La puerta trasera se abrió de golpe. Apareció Cathcart con gesto de extrañeza. Me agaché y le disparé al pecho. Cathcart se giró hacia mí y levantó el brazo. Traté de moverme, pero no me dio tiempo. Hubo un estallido, un destello de luz roja y un golpe en la parte superior de mi pecho. Me caí y comencé a rodar, sin soltar la pistola. Cathcart seguía de pie en el porche, buscándome con la mirada. Apunté y volví a disparar. Esta vez funcionó. Cathcart se agachó, pero no a tiempo. La bala le debió coger en el dorso ya que se echó las manos al pecho al derrumbarse hacia atrás en el porche.
Me levanté y corrí hacia él, sin tener en cuenta las posibles consecuencias. Al llegar, lo encontré tirado en el suelo. Cathcart levantó el brazo para volver a disparar, pero yo me eché encima de él antes de que tuviera tiempo de apretar el gatillo. Le cogí el brazo con ambas manos y le golpeé varias veces con la rodilla derecha en la ingle, hasta que acabó soltando el arma.
Jadeante, sangrando e histérico, tiré la pistola hacia la casa a oscuras. Fuera reinaba el silencio. La cinta se había acabado. Comencé a farfullar frases inconexas en la oscuridad. Se acabó. Me la había cargado. Había ganado y perdido a la vez. Demasiado ruido. La policía aparecería de un momento a otro. Esperé sobre el suelo ensangrentado, echado sobre Cathcart.
Escuché su respiración entre mis jadeos. Traté de recitar el poema, pero no me acordaba de las palabras. Me pareció sentir a Cathcart moverse, así que le di en la cabeza con la pistola. Comencé a temblar, empapado de sudor. Entonces recordé la herida. No era sudor, era sangre. Busqué la herida con la mano. Estaba junto al hombro, más arriba del corazón. Rasgué la camisa y me palpé la espalda con la mano. Esto era más gracioso que la mejor ocurrencia de Walter o lo del perro asado. La bala había salido por detrás y la sangre que la cubría estaba empezando a coagularse. Estuve riéndome hasta que me desmayé.
Al despertarme, consulté la esfera luminosa de mi reloj. Eran las diez y catorce minutos. Recuperé la conciencia y miré a mi alrededor. Luego me eché a llorar.
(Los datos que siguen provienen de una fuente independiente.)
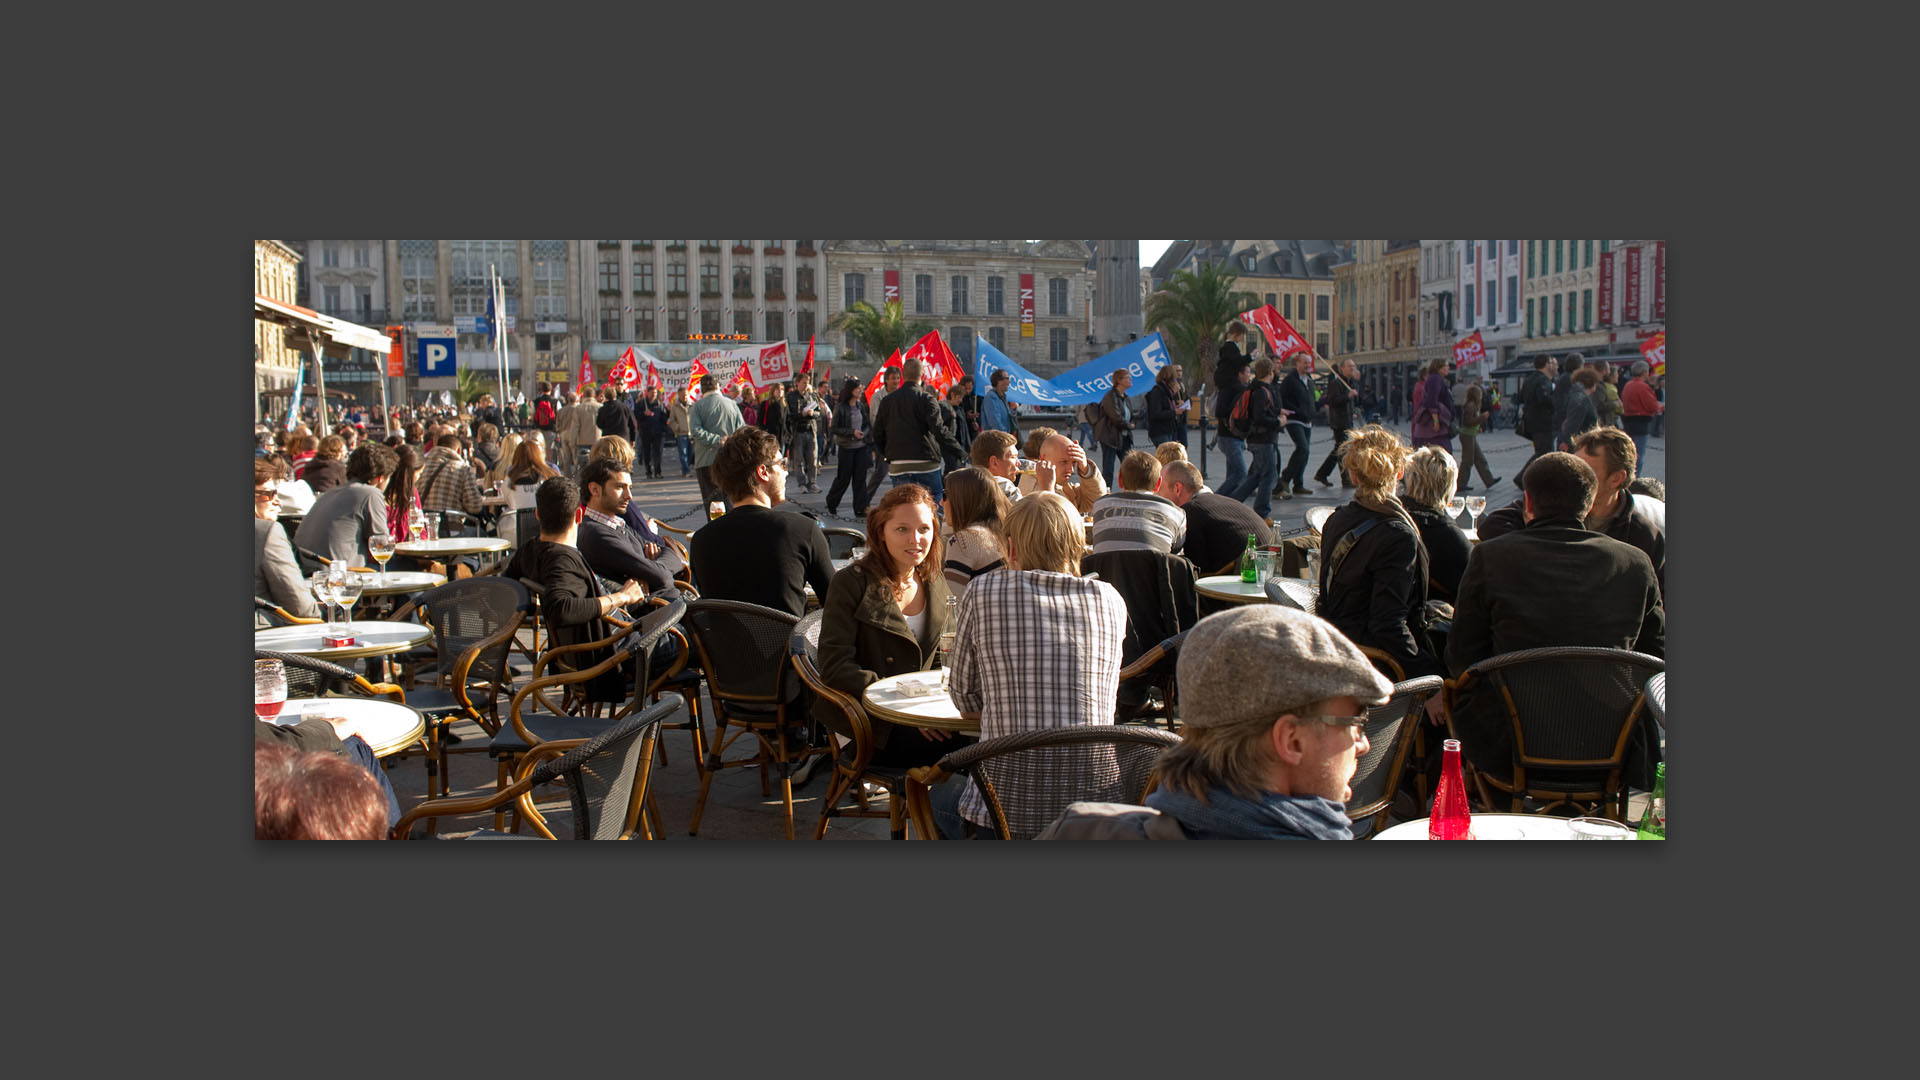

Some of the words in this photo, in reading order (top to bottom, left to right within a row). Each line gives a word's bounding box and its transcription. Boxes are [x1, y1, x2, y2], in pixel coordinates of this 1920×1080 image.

Llegué a casa de Cathcart a las nueve y veinte. Había pasado casi una hora y la policía seguía sin aparecer aún. Escuché la respiración irregular de Cathcart por un momento, recité algunos versos del poema y auné todas las fuerzas posibles para levantarme. Me tambaleaba y se me iba la cabeza, pero conseguí mantenerme derecho. Respiré hondo, gracias a lo cual recuperé un poco la seguridad. Por lo visto la bala no había afectado a ninguno de mis órganos vitales.